The evidence also established that Keddies had obtained advice from counsel prior to filing the Statement of Claim. It was counsel’s opinion, based on his review of Stacks’ file, that the client ‘will not succeed in these proceedings’. Notwithstanding this advice, and Keddies agreement with counsel that ‘this matter should never proceed to hearing and should be settled at the first available time’ the Proceedings were commenced.
The Proceedings were adjourned part-heard whilst the client was still under cross-examination. Marshall failed to appear at the adjourned hearing date. Marshall’s counsel and Keddies then withdrew from the Proceedings. Colefax DCJ dismissed the Proceedings and ordered that Marshall pay Stacks’ costs.
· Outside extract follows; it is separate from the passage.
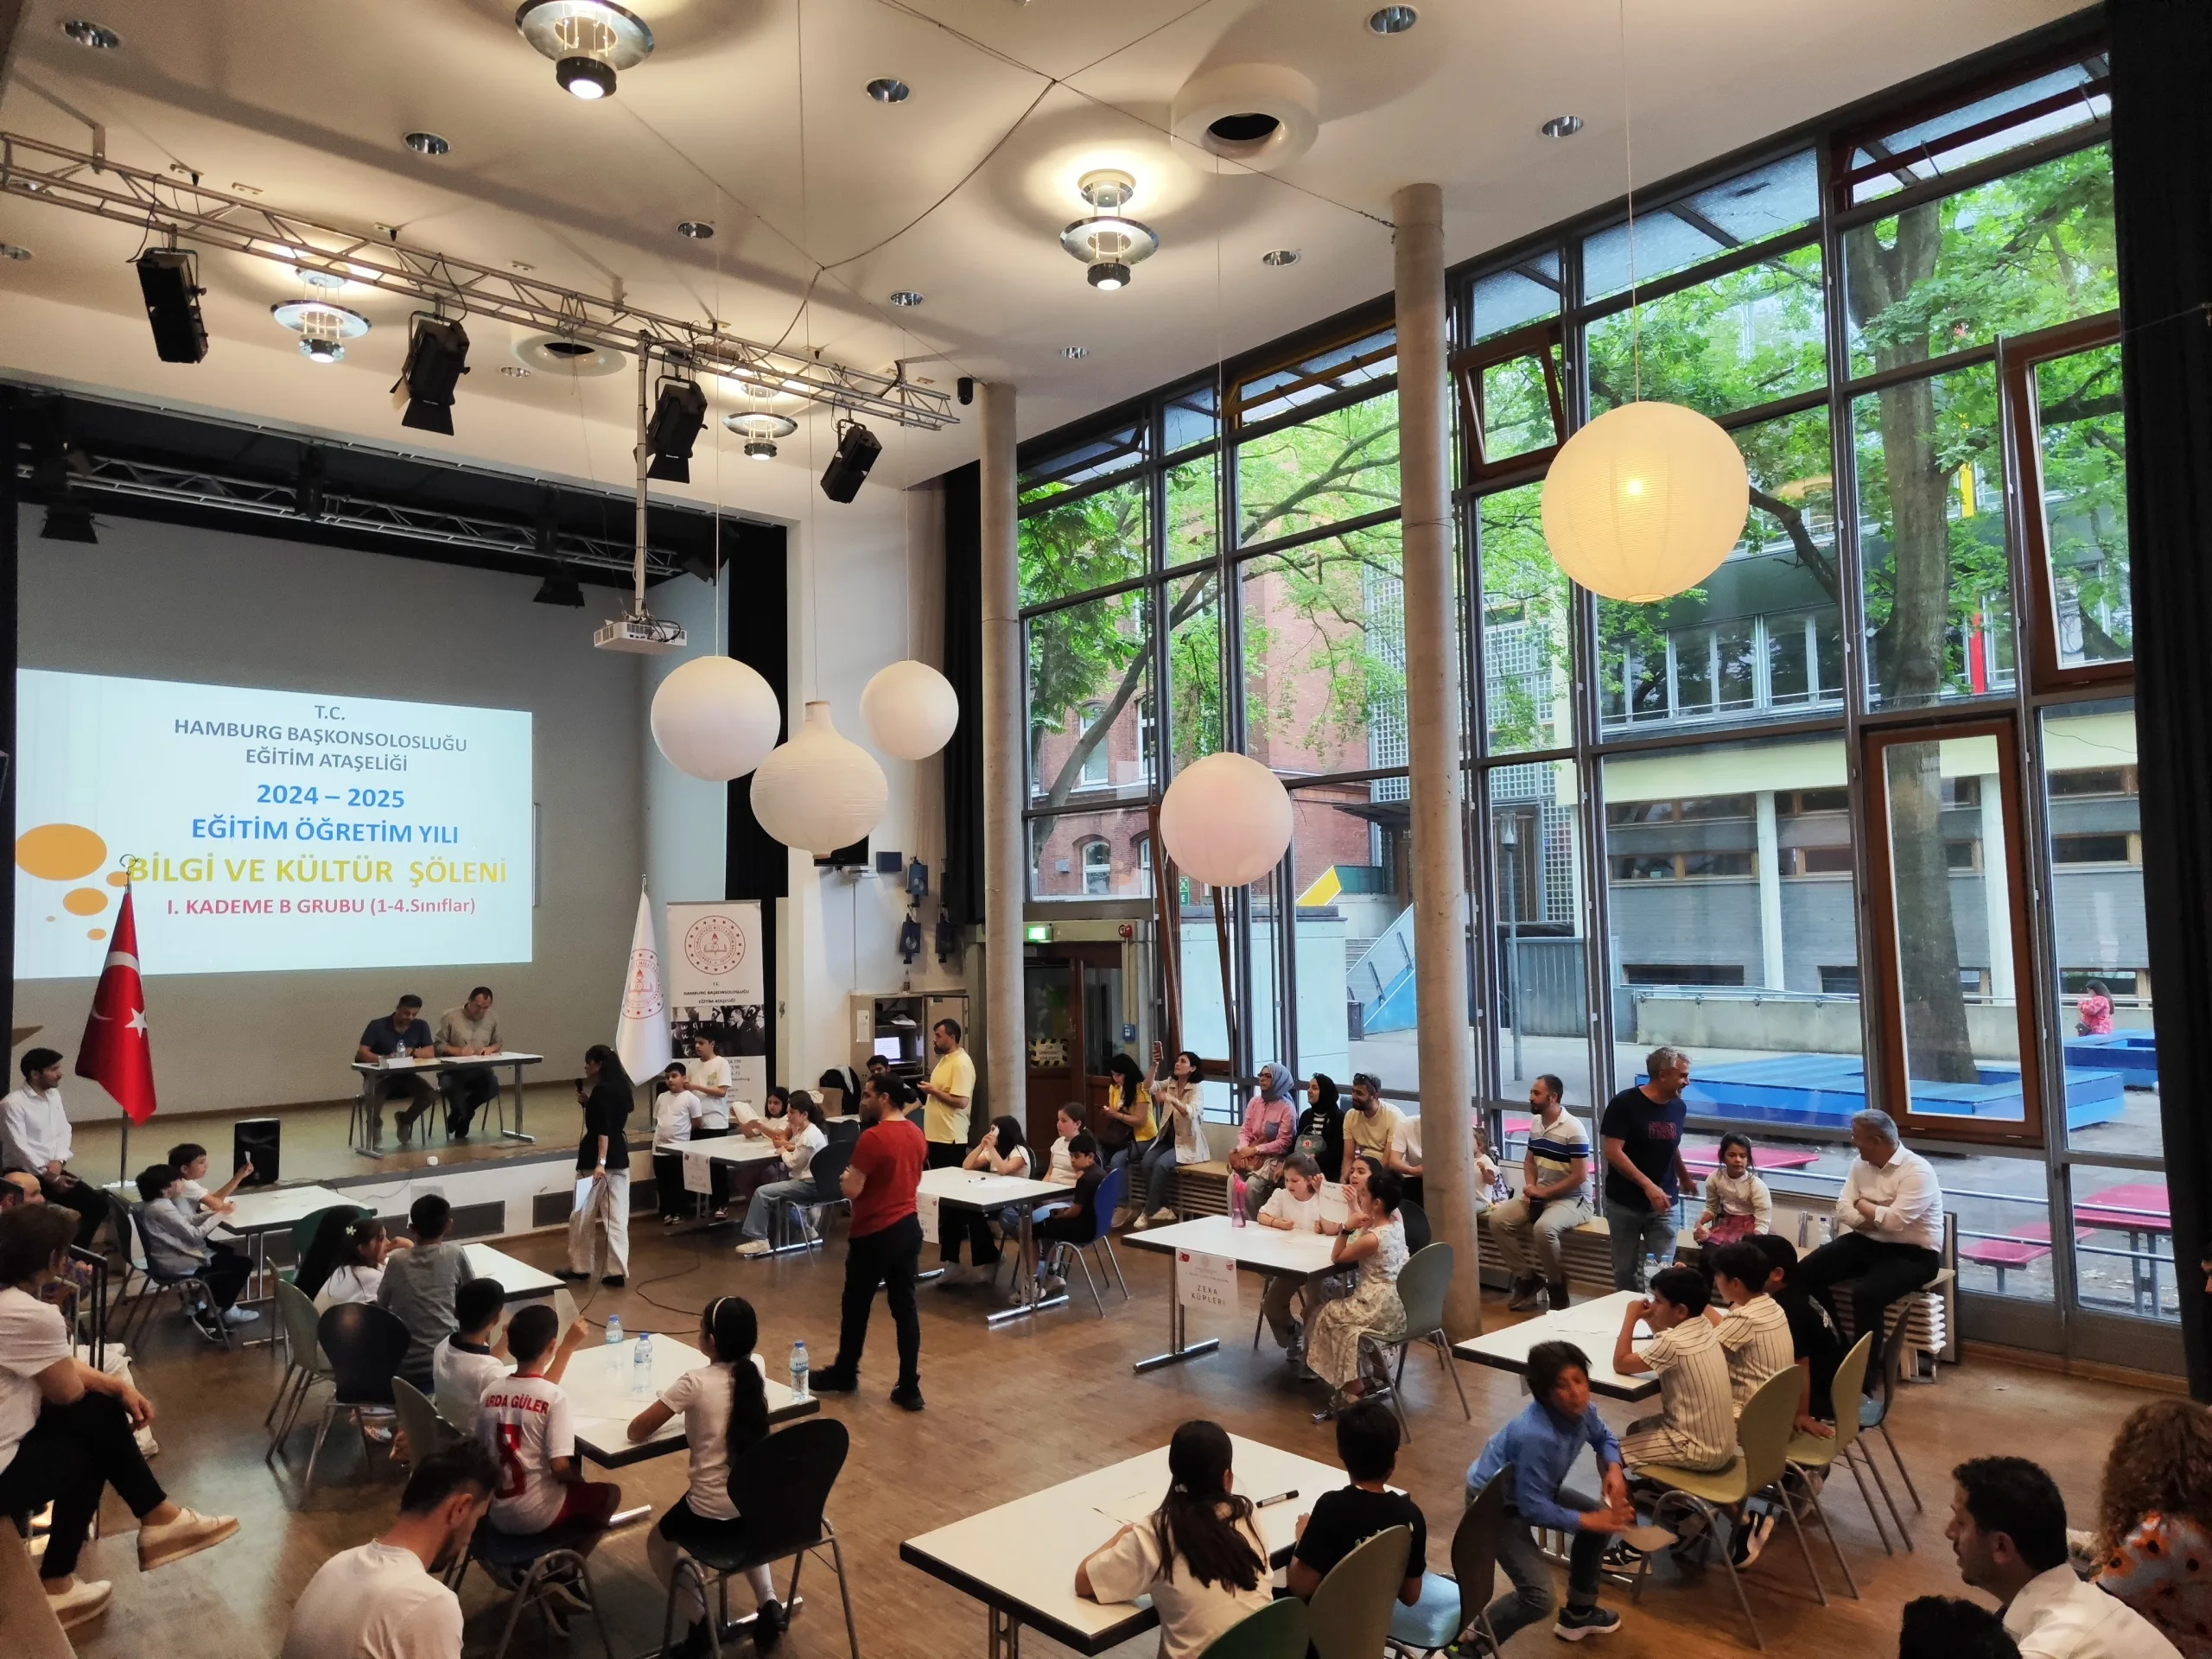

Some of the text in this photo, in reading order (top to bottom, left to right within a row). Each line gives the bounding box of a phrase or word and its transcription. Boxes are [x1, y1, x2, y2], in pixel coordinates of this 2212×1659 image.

Stacks sought an order that Keddies indemnify Marshall for the costs order pursuant to s348 of the Legal Profession Act 2005 (NSW) (‘the Act’), or s99 of the Civil Procedure Act 2005 (NSW) (‘the CPA’) on the basis that Keddies had provided the client with legal services and commenced the Proceedings in circumstances where there were no reasonable prospects of success. His Honour made an order in Stacks’ favour pursuant to s348 of the Act but rejected Stacks’ alternative application for an order under s99 of the CPA.
Keddies appealed against the s348 costs order made by Colefax DCJ and Stacks cross-appealed against his Honour’s refusal of a costs order under s99 of the CPA. The central issue was whether, at the time of commencing the Proceedings, Keddies had a reasonable belief that the Proceedings had reasonable prospects of success.
Beazely JA (with whom Barrett JA and Sackville AJA agreed) found that the evidence established that Stacks was entitled to act on the client’s ‘clear and firm instructions’ and further, it had no right to compel the client to undergo a psychiatric assessment.
Accordingly, based on the information available to Keddies at the time of filing the Statement of Claim, there was no reasonable prospects of the Proceedings succeeding.
Her Honour held that the phrase ‘without reasonable prospects of success’ means ‘not fairly arguable’ and that Keddies had not established that the lawyers involved in the conduct of the proceedings had ‘applied his or her independent professional mind to the claim’ such as to establish ‘on the basis of provable facts and a reasonably arguable view of the law that the claim has reasonable prospects of success’.
Accordingly, Keddies’ appeal was dismissed, Stacks’ cross-appeal was upheld and Keddies were ordered to pay Stacks’ costs of the Proceedings.
This decision provides guidance as to what is encompassed by the concept reasonable prospect of success. It is an important reminder for lawyers not to commence proceedings in the hope that they will be quickly resolved in circumstances where the facts and law do not arguably support the cause of action pleaded.
Authored by Gabrielle Watts, Lawyer, Sydney.